The Austin Chronicle

https://www.austinchronicle.com/music/2002-10-11/104654/

Phases and Stages

Texas Platters

Reviewed by Michael Chamy, October 11, 2002, Music

Slobberbone

Slippage (New West) At their peak, the band that spawned the whole "alt.country" tag, Uncle Tupelo, spewed forth blazing punk rock from an honest, countrified perspective. Unfortunately, the rock side got mostly buried in the later waves of bands lumped under that tenuous flag. Well, the rock & roll soul is back, courtesy of Slobberbone, the ragtag Denton crew whose sheer power has for years held them a long cut above the alt.country bands they're often lumped with.
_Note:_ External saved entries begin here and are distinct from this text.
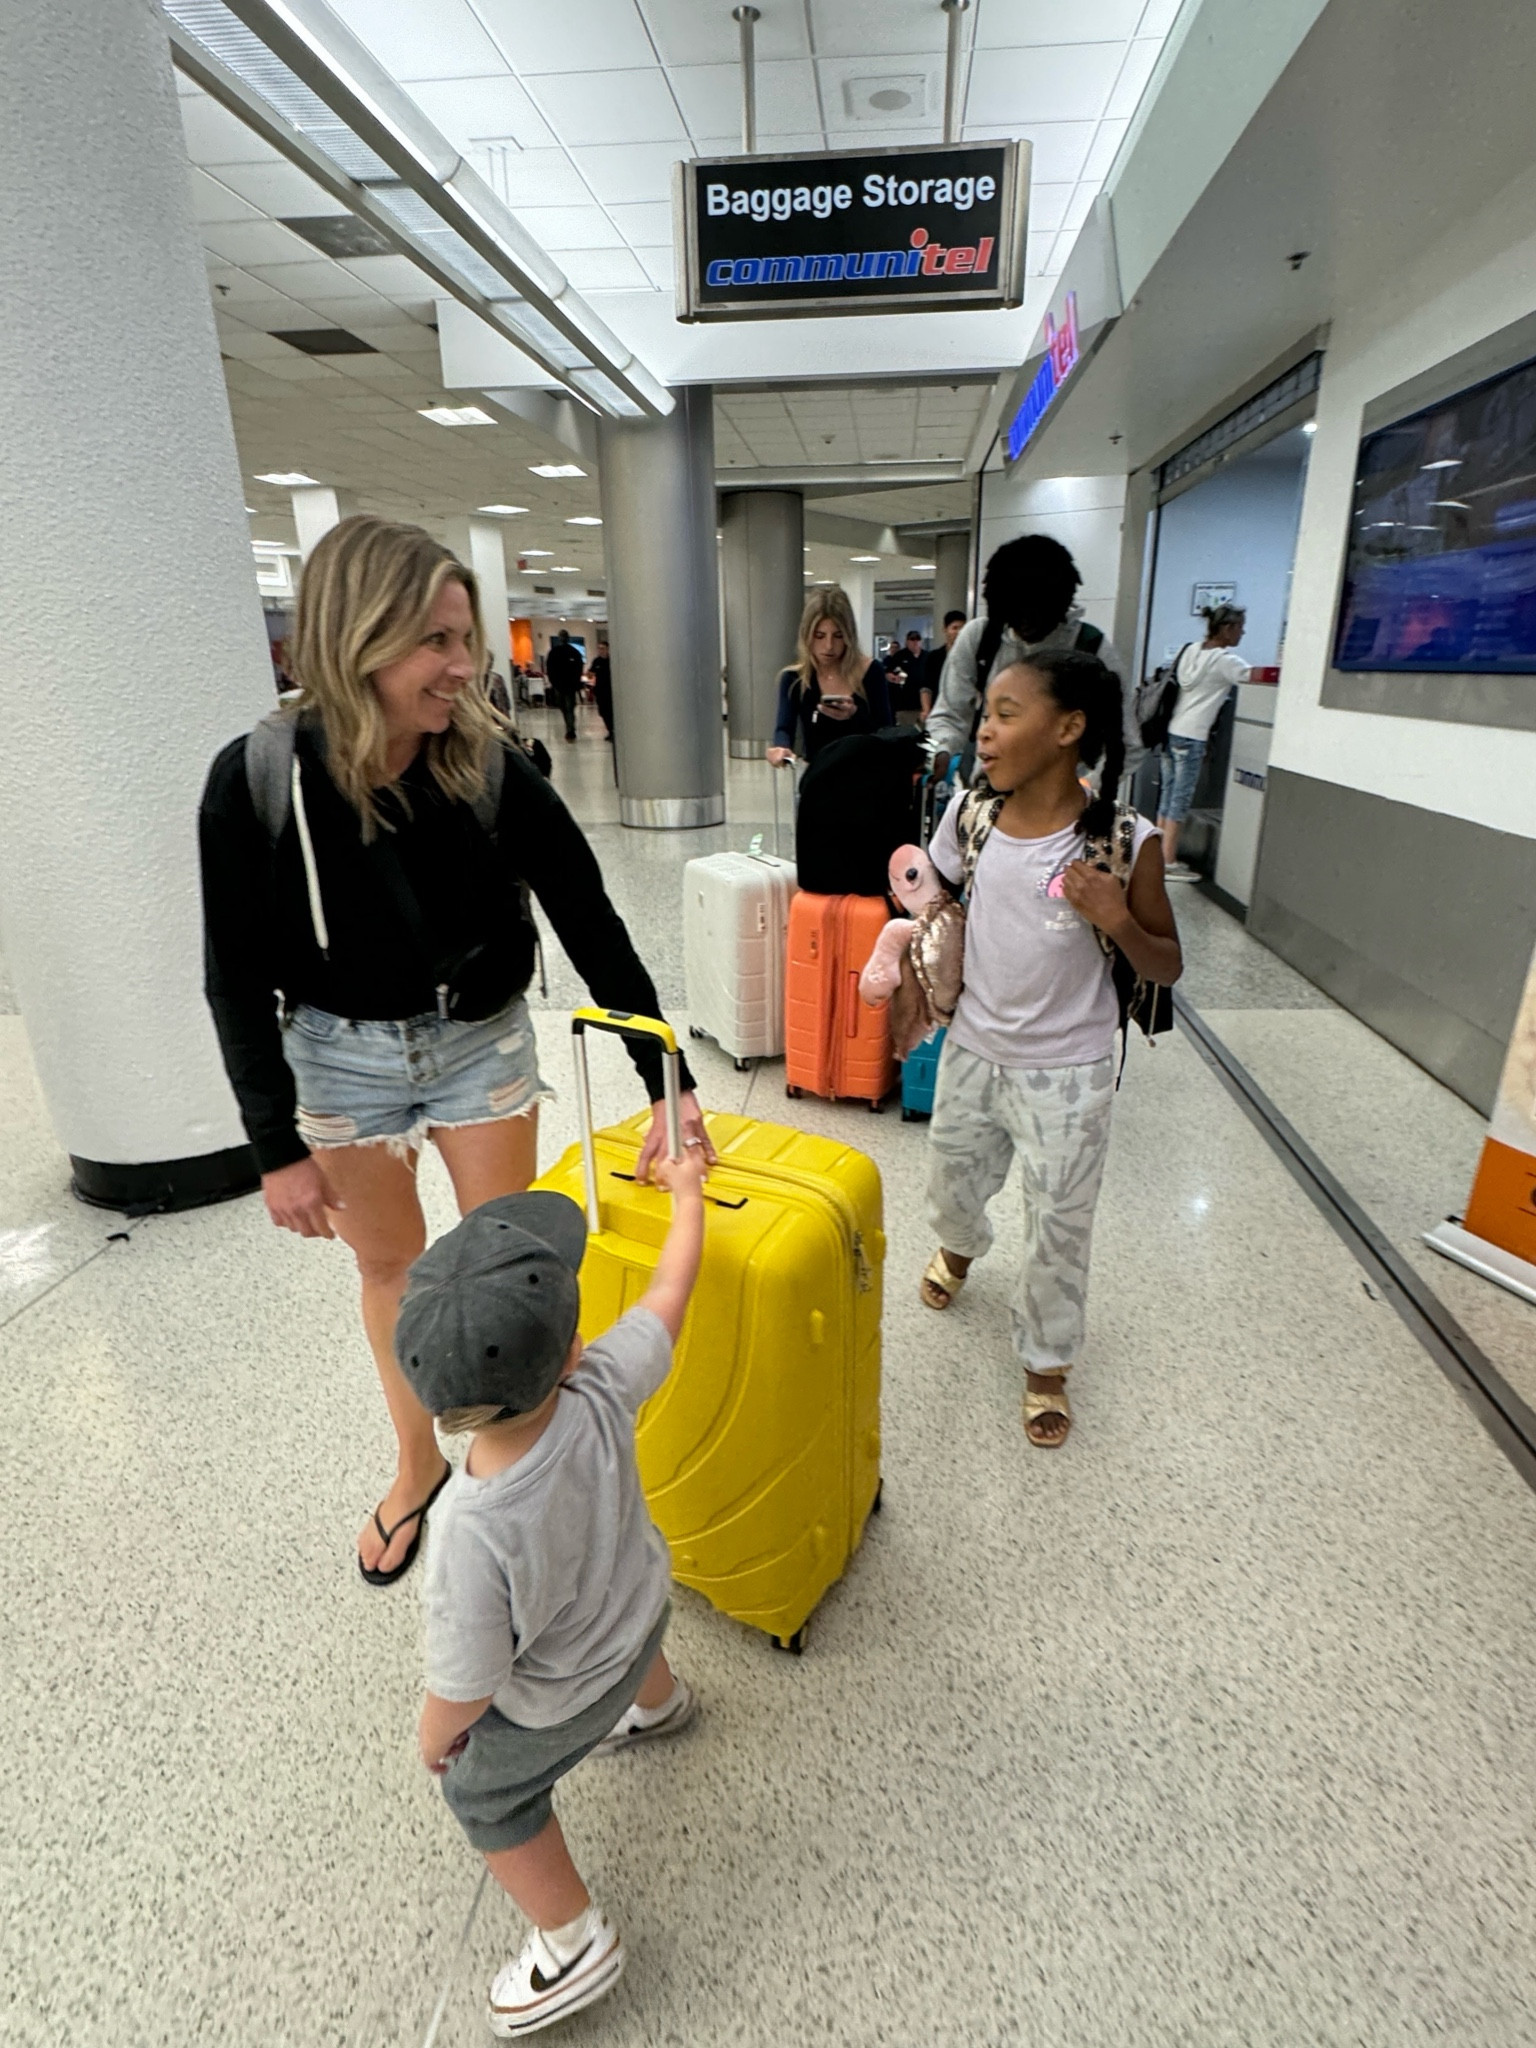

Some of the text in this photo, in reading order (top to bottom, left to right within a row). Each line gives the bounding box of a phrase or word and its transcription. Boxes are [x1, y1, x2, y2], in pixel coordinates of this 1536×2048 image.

[706, 174, 996, 222] Baggage Storage
[706, 227, 995, 286] communitel
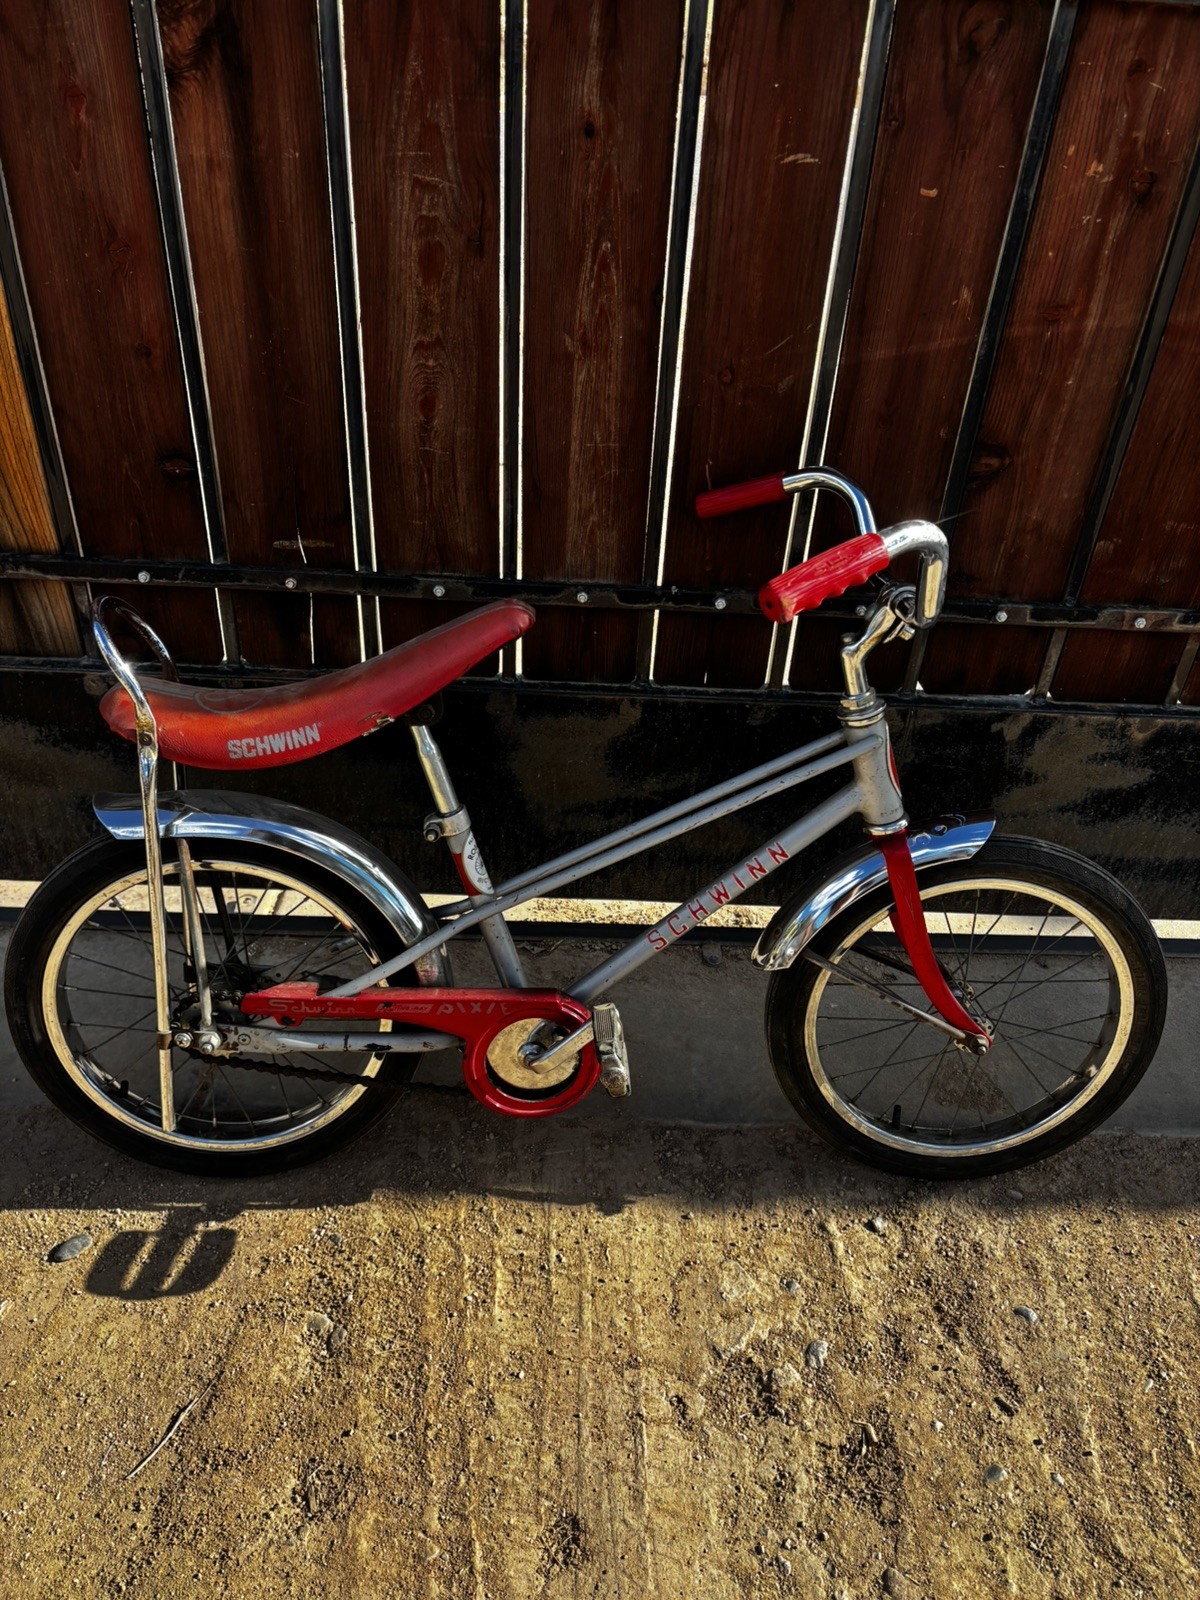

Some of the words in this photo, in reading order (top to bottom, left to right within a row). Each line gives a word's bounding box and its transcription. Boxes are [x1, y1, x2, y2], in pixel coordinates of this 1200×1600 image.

[227, 722, 320, 759] SCHWINN
[646, 841, 789, 952] SCHWINN
[256, 999, 366, 1014] Schwinn
[435, 1002, 512, 1016] PIXIE
Slippage is their fourth album, and it finds them back in touch with their beginnings as the hardest-drivin' cowpunk band in the land. Opener "Springfield, IL." absolutely sizzles as frontman Brent Best does his best Jay Farrar; in terms of utter conviction, you sense he's always one drink away from mauling your lawn chairs and passing out on your porch. "Write Me Off" finds Slobberbone in maximum overdrive, at their most angry, rowdy, and ragged, hearkening back to the sour-mash octane of early gem "Whiskey Glass Eye." Slippage is a bipolar album in that nearly every song is depressingly sad or red-faced bitter, yet all are filled with a rare, down-home grit and open-wound honesty. Where their previous Everything You Thought Was Right Was Wrong Today found the band at their most ornate, with lots of fiddle, mandolin, and more, the more accessible Slippage is essentially just four guys onstage in a bar, doing what they do best, whether it's mowing you down with their raw power or searing your gut with drink-the-pain-away ballads.